Collision Induced Far Infrared Absorption of Solutions of CH4 and CD4 in Liquid Argon

Abstract

The far infrared spectra of CH4 and CD4 dissolved in liquid argon were recorded to probe the dynamics of this liquid state system. Broad bands devoid of any fine structure were observed. Methane does not possess a permanent dipole moment and the observed absorption results from a dipole induced by the octopolar field of the molecule during a collision. For octopole induced rotational transitions the selection rules are ΔJ=0–3. Assuming free rotor energy levels and line strength factors, and a modified Lorentzian band shape, synthetic spectra were generated which agree quite well with the experimental data. The integrated absorption coefficient is much smaller than that predicted for binary collisions. This is expected since binary interactions in the liquid state cannot be isolated from higher order interactions with neighboring atoms.
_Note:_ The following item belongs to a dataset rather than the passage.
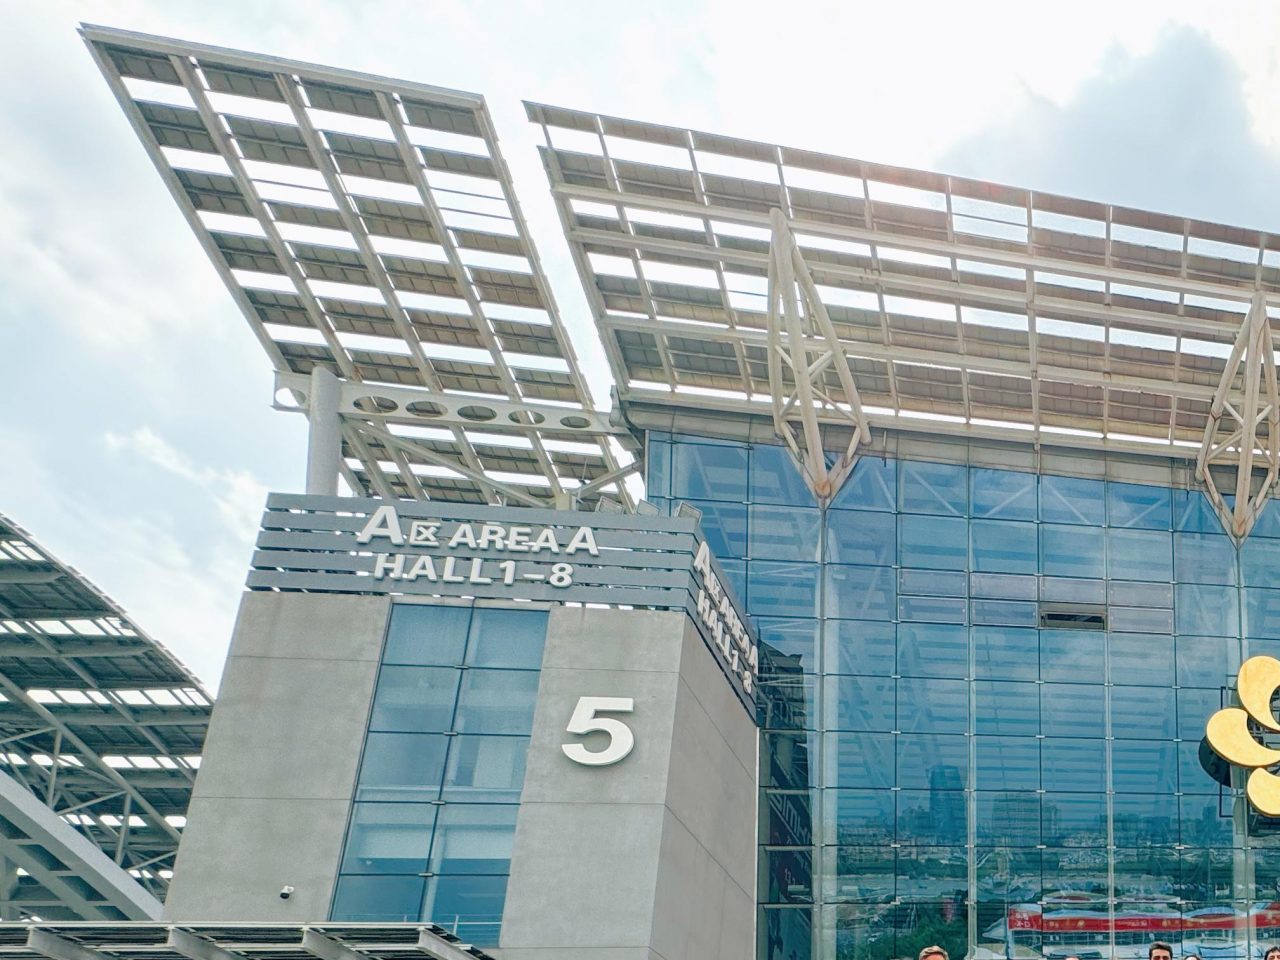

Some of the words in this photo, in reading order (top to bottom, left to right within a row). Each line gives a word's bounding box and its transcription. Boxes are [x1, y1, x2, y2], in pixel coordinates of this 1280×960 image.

The dipole moment induced during a collision is partially cancelled by many-body interactions so the absorption coefficient in the liquid state is diminished, compared to the low density gas. Time correlation functions were determined from the far infrared data as well as from near infrared and Raman spectra of methane and compared. The quantum mechanical free rotor time correlation functions were calculated and found to agree with the experimental results for times shorter than liquid state collision times. Since the far infrared correlation function is due to an induced dipole moment, it is damped accordingly. We estimate that the duration of collision is ≈ 2 × 10−13sec. The good agreement of the synthetic spectra and free rotor correlation functions with experiment indicate a barrier to rotation that is comparable to the magnitude of rotational energies observed. Hindered rotation in liquids is also discussed in terms of collisional effects.